Estos autores se encuadran en el institucionalismo económico, una corriente de pensamiento que otorga un papel relevante a las instituciones en el devenir económico y social de los países. Las instituciones hacen referencia a las reglas de juego que se dota una sociedad para arbitrar su funcionamiento, lo que incluye las reglas formales (leyes, regulaciones, contratos, gobierno, sistema judicial) e informales (valores sociales, códigos de conducta, cultura y cumplimiento de las reglas). Las instituciones se conforman a lo largo de la historia por dinámicas complejas y singulares de cada sociedad, y son consecuencia del equilibrio de fuerzas entre los diversos intereses y poderes sociales. Por ello, pueden ser más o menos favorables para el progreso económico, la seguridad, la estabilidad y la inclusividad social.
Si bien los economistas clásicos tuvieron en consideración la importancia de las instituciones en la economía, las restricciones para su aplicabilidad y la limitación de bases objetivas para el análisis y la contrastación redujeron la influencia del análisis institucional. A pesar de ello, economistas como Ronald Coase, Oliver Williamson, Elinor Ostrom y Douglas North han sido reconocidos con el premio Nobel de Economía, y los avances en las dos últimas décadas de la historia económica y la proliferación de indicadores institucionales han proporcionado una base cuantitativa sobre la que se han desarrollado múltiples investigaciones aplicadas, mientras que el Banco Mundial, la OCDE y otros organismos internacionales han recomendado mejorar la calidad institucional como política determinante del desarrollo de los países a largo plazo.
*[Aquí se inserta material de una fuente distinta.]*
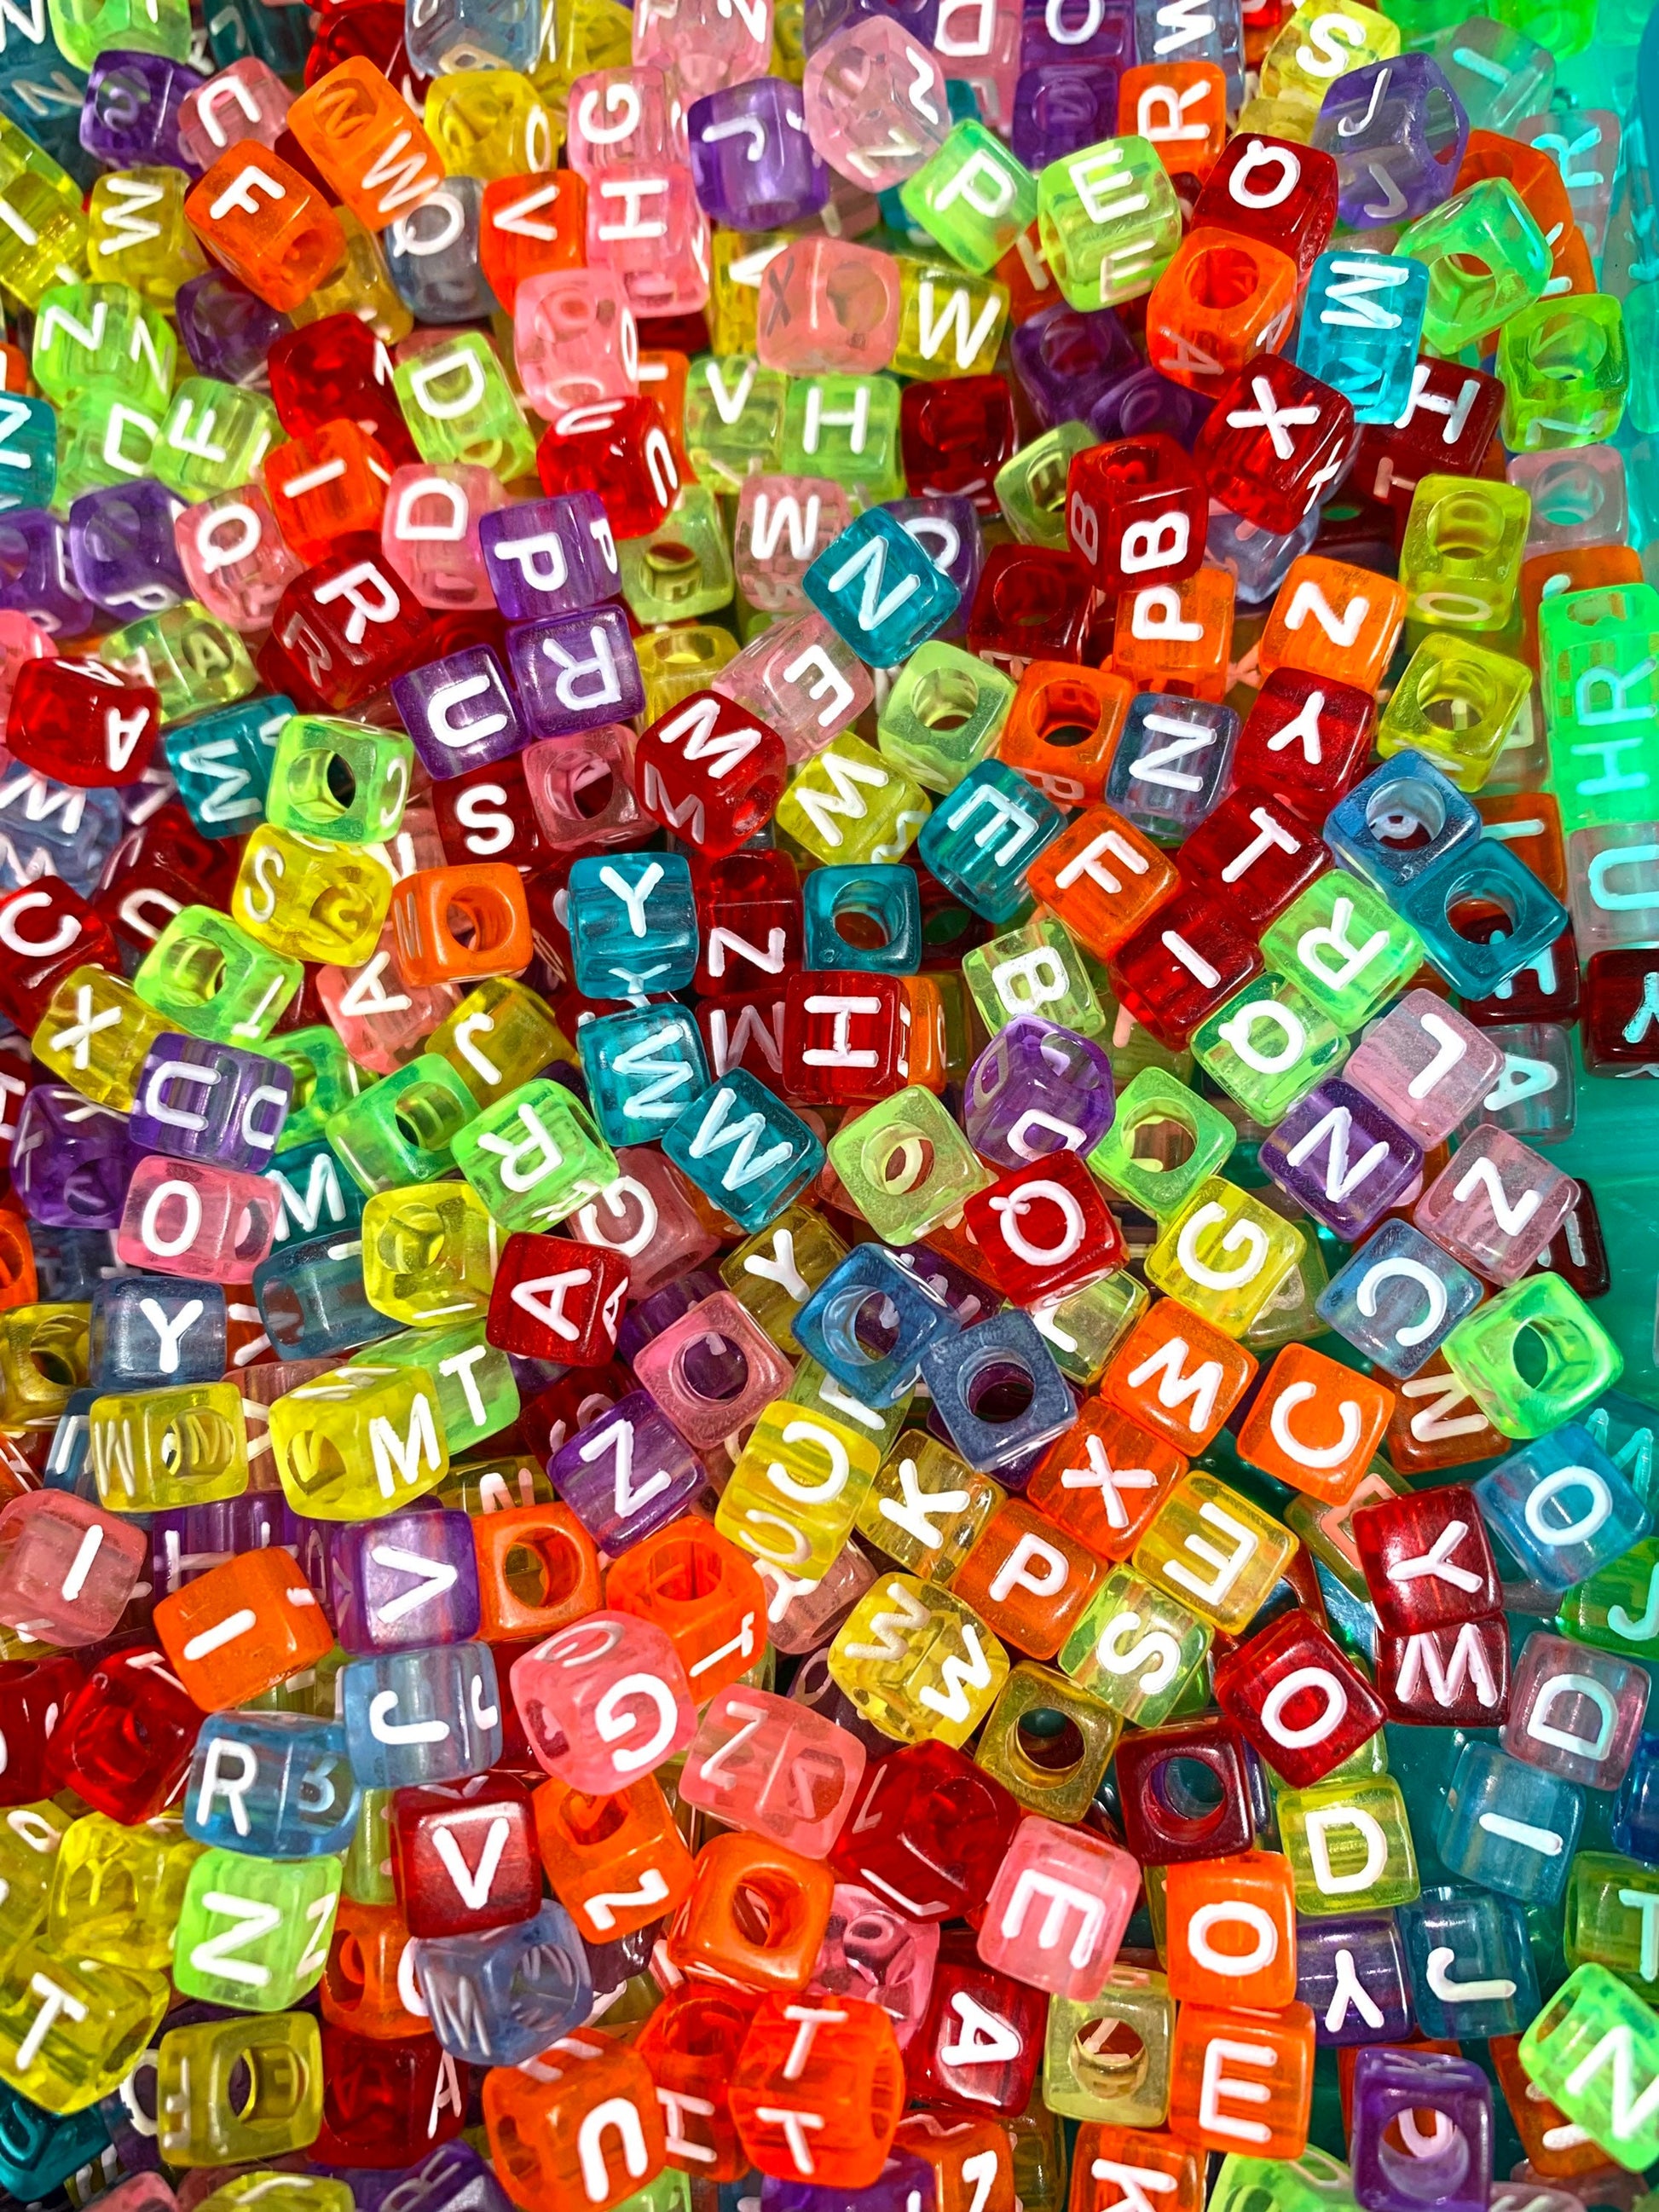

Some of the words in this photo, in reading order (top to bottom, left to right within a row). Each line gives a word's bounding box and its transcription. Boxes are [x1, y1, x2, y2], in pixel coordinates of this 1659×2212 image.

En este contexto merece encuadrarse la prolija actividad investigadora de los premiados con el Nobel de Economía de este año. Entre sus obras sobresale el libro de Acemoglu y Robinson Por qué fracasan los países. Los orígenes del poder, la prosperidad y la pobreza (2012), que se convirtió en un best seller. Un libro en el que analizan múltiples pasajes de la historia, y constatan que en los países con mayor nivel de desarrollo predominan instituciones (inclusivas) que posibilitan la participación de la gran mayoría de las personas en actividades políticas y económicas, aprovechando mejor sus capacidades. Mientras que en los países con menor nivel de desarrollo son dominantes las instituciones extractivas que favorecen el poder y la extracción de rentas por una reducida parte de la población. Comprueban también que las instituciones dominantes gozan de gran estabilidad, y que las diferencias de desarrollo básicamente se mantienen en el tiempo, por lo que tiene que producirse un gran acontecimiento o una confluencia de factores que perturben el equilibrio existente del poder político o económico para que se produzca una coyuntura crítica y se activen cambios sociales.
El pasillo estrecho (2019) de Acemoglu y Robinson se centra en cómo las naciones pueden ganar o perder la libertad. Para ello hacen un recorrido histórico ejemplificador para descubrir sus determinantes básicos. La libertad no es el orden natural de la humanidad, sino un logro de la civilización que exige para su pervivencia y fortalecimiento un Estado y sociedad fuertes. Un Estado fuerte para controlar la violencia, hacer cumplir las leyes y proporcionar servicios públicos, y una sociedad fuerte para controlar el poder del Estado.
Acemoglu y Johnson también han analizado el papel de la tecnología y la innovación en el crecimiento económico y en la configuración del poder en su reciente Poder y progreso. Un libro en el que valoran el efecto positivo del desarrollo tecnológico en el bienestar humano y su potencial democratizador, pero también alertan del impacto negativo sobre el empleo y la calidad democrática de la nueva revolución tecnológica, liderada por internet y la inteligencia artificial, y concentrada en grandes corporaciones.
La obra de los premiados no ha estado exenta de críticas, tanto por imprecisiones históricas como por la débil consistencia de algunas de sus conclusiones. Una obra tan ambiciosa y compleja necesariamente tiene sus limitaciones, pero su programa de investigación es un reto científico integrador, sugestivo y oportuno.